Flexible 2D graphene-coupled ZnS:Mn2+ mechanodetectors for heart rate monitoring

Abstract

Materials with pressure-induced luminescence is a type of important energy-storage materials that can release the stored energy in form of light upon an external mechanical stimulus, which can be used for light sources, visualization of stress distribution and mapping of dynamic pressure of the materials. However, using such type of materials as the wearable applications to monitor health problems receives little attention in the previous works. Herein, the mechanoluminescent (ML) materials, i.e., ZnS:Mn2+, with an broad emission band peaking at 586 nm upon excitation at 320 nm, are prepared by using an auto-clave method by addition of Na2S to a solution containing Zinc Oleate and Mn(NO3)2. Since the pure ZnS:Mn2+ can release the ML under external press, here we have coupled it with the 2D graphene to form 2D graphene-coupled ZnS:Mn2+ mechanodetector in order to make the ZnS:Mn2+ having the supercapacity property and keep the heart rate monitoring when there is no external press. The crystal structure, photoluminescence, ML and electrochemical properties of ZnS:Mn2+ with and without 2D graphene are characterized by several techniques, including X-ray diffraction, transmission electron microscopy (TEM), photoluminescence (PL) and pressure-induced ML spectra, galvanostatic charge-discharge and cyclic voltammetry.
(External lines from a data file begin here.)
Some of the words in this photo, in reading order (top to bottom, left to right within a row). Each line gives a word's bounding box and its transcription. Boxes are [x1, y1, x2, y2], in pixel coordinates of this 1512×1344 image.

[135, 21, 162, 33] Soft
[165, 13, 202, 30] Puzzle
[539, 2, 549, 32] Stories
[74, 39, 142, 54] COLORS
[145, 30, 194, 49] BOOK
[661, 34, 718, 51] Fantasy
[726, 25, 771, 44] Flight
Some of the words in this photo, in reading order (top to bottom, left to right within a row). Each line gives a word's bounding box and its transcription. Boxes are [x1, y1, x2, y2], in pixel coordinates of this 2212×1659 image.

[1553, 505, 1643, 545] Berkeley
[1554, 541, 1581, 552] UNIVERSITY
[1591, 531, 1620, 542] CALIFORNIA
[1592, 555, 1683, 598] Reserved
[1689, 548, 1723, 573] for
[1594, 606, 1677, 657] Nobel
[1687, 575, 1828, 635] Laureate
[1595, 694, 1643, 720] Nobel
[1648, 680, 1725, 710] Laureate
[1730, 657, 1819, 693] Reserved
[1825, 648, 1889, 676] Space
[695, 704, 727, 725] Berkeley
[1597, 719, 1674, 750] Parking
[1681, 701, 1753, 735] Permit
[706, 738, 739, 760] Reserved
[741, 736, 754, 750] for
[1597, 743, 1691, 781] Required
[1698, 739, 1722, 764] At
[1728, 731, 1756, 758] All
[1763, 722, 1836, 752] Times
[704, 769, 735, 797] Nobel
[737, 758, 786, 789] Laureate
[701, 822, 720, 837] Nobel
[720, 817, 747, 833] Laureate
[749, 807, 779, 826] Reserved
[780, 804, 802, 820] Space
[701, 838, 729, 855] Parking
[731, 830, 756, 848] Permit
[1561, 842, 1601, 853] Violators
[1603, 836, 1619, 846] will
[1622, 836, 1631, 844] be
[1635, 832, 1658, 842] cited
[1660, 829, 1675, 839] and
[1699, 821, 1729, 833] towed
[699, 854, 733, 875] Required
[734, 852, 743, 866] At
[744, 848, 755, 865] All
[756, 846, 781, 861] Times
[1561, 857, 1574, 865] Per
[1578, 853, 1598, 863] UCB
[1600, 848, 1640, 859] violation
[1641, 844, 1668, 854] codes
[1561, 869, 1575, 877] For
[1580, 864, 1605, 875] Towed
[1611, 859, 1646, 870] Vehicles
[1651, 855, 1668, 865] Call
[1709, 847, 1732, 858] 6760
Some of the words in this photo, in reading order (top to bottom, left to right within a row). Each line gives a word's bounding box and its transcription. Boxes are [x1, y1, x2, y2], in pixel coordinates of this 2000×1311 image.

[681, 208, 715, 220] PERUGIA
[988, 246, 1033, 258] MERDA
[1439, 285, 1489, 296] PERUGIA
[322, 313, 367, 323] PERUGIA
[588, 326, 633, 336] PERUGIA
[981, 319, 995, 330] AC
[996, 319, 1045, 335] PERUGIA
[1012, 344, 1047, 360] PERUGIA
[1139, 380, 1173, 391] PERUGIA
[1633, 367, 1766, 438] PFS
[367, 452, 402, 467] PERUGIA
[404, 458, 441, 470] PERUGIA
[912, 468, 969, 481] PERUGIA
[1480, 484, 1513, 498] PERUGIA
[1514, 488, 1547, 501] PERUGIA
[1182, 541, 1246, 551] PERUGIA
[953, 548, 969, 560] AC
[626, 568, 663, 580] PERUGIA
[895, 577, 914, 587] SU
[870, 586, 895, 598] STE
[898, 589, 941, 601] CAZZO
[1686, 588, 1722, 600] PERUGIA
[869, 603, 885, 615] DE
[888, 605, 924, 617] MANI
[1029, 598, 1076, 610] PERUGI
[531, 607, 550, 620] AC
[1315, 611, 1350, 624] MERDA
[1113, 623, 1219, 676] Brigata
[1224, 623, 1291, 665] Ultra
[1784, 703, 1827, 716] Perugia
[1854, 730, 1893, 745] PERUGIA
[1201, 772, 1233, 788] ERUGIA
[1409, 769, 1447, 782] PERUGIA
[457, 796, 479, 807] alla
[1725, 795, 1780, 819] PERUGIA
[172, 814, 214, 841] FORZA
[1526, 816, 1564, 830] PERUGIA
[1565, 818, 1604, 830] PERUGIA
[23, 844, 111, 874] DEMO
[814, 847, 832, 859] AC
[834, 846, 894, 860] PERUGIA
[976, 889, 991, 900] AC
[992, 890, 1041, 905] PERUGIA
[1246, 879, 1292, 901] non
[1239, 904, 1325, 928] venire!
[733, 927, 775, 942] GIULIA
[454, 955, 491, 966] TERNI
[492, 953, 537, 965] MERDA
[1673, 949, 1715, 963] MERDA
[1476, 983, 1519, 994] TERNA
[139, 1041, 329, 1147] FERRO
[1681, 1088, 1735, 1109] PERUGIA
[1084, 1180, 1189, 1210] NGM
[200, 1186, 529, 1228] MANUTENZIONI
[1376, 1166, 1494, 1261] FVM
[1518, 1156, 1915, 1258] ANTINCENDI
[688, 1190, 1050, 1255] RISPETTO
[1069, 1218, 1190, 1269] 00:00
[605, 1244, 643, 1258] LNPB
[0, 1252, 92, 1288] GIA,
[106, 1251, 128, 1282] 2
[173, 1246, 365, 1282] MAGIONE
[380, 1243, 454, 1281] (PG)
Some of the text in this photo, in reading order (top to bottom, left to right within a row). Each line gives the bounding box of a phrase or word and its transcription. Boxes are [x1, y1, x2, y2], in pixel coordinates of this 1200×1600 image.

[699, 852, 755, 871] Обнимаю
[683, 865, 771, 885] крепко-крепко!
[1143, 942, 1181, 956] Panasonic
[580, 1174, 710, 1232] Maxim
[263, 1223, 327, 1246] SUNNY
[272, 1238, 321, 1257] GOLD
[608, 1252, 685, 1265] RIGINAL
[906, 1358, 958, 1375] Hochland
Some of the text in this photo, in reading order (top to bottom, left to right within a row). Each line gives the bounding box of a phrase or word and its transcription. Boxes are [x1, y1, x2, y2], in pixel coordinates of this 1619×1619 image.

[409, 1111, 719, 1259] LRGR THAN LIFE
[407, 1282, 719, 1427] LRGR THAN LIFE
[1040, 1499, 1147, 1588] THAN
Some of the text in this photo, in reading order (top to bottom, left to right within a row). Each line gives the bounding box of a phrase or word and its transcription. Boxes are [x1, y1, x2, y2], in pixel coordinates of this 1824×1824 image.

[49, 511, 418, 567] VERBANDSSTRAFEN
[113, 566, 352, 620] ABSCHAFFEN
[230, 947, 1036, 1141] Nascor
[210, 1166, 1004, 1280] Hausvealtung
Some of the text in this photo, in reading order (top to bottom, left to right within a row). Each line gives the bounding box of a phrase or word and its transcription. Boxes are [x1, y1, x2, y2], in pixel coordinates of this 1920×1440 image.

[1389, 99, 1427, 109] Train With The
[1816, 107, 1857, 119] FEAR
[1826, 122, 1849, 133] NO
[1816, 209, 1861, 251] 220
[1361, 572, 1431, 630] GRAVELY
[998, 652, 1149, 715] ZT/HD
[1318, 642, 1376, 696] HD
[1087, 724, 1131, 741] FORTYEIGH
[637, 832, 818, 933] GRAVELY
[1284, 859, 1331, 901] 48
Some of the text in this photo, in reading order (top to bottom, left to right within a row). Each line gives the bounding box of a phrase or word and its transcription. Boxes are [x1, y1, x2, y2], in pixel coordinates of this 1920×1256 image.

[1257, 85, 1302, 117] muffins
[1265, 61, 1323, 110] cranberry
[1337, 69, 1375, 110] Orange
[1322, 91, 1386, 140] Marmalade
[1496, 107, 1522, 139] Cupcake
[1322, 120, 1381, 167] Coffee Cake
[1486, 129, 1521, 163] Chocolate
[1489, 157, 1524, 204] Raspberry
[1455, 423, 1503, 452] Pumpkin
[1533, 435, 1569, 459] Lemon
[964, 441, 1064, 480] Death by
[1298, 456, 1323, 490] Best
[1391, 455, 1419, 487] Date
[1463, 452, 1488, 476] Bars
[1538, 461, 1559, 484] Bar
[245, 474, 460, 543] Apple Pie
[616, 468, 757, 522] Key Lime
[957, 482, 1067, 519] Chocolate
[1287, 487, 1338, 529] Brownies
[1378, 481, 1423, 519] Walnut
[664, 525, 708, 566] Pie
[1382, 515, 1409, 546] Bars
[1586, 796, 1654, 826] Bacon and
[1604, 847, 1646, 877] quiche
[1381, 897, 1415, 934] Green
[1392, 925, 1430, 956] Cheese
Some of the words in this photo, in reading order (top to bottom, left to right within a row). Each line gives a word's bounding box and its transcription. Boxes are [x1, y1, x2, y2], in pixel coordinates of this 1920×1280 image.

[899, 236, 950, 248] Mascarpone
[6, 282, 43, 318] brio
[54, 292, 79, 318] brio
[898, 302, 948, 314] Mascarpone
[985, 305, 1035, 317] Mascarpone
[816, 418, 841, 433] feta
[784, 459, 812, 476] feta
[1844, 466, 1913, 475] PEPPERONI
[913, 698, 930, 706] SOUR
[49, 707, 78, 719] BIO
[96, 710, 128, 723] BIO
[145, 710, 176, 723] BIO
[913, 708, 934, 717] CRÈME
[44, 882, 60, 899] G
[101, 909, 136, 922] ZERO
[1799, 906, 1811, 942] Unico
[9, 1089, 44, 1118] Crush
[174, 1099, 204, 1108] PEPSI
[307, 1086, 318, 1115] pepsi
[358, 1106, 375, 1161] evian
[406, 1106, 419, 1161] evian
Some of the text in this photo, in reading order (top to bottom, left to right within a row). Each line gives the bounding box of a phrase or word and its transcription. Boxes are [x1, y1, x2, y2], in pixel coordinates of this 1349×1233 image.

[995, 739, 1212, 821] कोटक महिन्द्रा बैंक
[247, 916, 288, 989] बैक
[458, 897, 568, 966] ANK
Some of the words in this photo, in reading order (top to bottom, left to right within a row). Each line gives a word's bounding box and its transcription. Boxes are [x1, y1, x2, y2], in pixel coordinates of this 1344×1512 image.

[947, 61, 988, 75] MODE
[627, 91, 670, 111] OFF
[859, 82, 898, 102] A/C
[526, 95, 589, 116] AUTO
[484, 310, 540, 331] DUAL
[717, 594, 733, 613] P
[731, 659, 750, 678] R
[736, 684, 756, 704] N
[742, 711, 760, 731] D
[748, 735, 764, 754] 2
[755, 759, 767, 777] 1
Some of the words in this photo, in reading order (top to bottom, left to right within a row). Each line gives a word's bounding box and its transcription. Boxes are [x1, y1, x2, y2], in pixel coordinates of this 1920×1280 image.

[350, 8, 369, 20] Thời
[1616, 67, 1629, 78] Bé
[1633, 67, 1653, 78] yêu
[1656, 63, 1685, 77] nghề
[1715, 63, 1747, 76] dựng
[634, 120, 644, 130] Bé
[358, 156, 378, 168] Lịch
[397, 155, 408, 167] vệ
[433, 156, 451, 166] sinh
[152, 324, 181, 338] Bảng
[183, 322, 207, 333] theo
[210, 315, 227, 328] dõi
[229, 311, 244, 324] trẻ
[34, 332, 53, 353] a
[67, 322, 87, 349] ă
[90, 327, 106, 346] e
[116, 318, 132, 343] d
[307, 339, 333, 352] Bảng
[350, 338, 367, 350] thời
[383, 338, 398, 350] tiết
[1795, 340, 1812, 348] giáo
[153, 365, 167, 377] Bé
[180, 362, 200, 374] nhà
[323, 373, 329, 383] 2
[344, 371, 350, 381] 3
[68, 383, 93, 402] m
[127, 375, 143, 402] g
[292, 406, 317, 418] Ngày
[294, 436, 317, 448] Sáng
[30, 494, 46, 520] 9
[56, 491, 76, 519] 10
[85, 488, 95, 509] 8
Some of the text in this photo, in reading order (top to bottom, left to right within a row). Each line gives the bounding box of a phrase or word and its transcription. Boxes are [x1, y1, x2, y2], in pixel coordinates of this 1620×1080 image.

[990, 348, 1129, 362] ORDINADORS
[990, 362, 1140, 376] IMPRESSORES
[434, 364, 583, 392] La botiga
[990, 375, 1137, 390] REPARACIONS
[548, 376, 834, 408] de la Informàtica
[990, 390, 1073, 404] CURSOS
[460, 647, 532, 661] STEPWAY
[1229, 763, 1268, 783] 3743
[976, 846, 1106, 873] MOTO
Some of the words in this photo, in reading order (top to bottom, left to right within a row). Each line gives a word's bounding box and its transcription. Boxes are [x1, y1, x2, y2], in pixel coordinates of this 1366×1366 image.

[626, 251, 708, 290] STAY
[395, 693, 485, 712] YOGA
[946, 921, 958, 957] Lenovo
Our findings reveal that 2D graphene-coupled ZnS:Mn2+ possesses pressure-controlled luminescence. By dispersing highly conductive polyoxometalate (POM) into graphene-coupled ZnS:Mn2+ and then detecting the relative ML intensity and pressure value, we find the ML intensity and pressure value feature a linear relationship within a certain range and can basically come back its original state after several cycles. Due to the introduction of the conductive 2D graphene and POM, the graphene-coupled ZnS:Mn2+ is not only sensitive to the external mechanical stimulus but also can possess the electric conduction due to the supercapacity property. The heart rate monitoring results of the device show great potential for the wearable applications to monitor human health problem.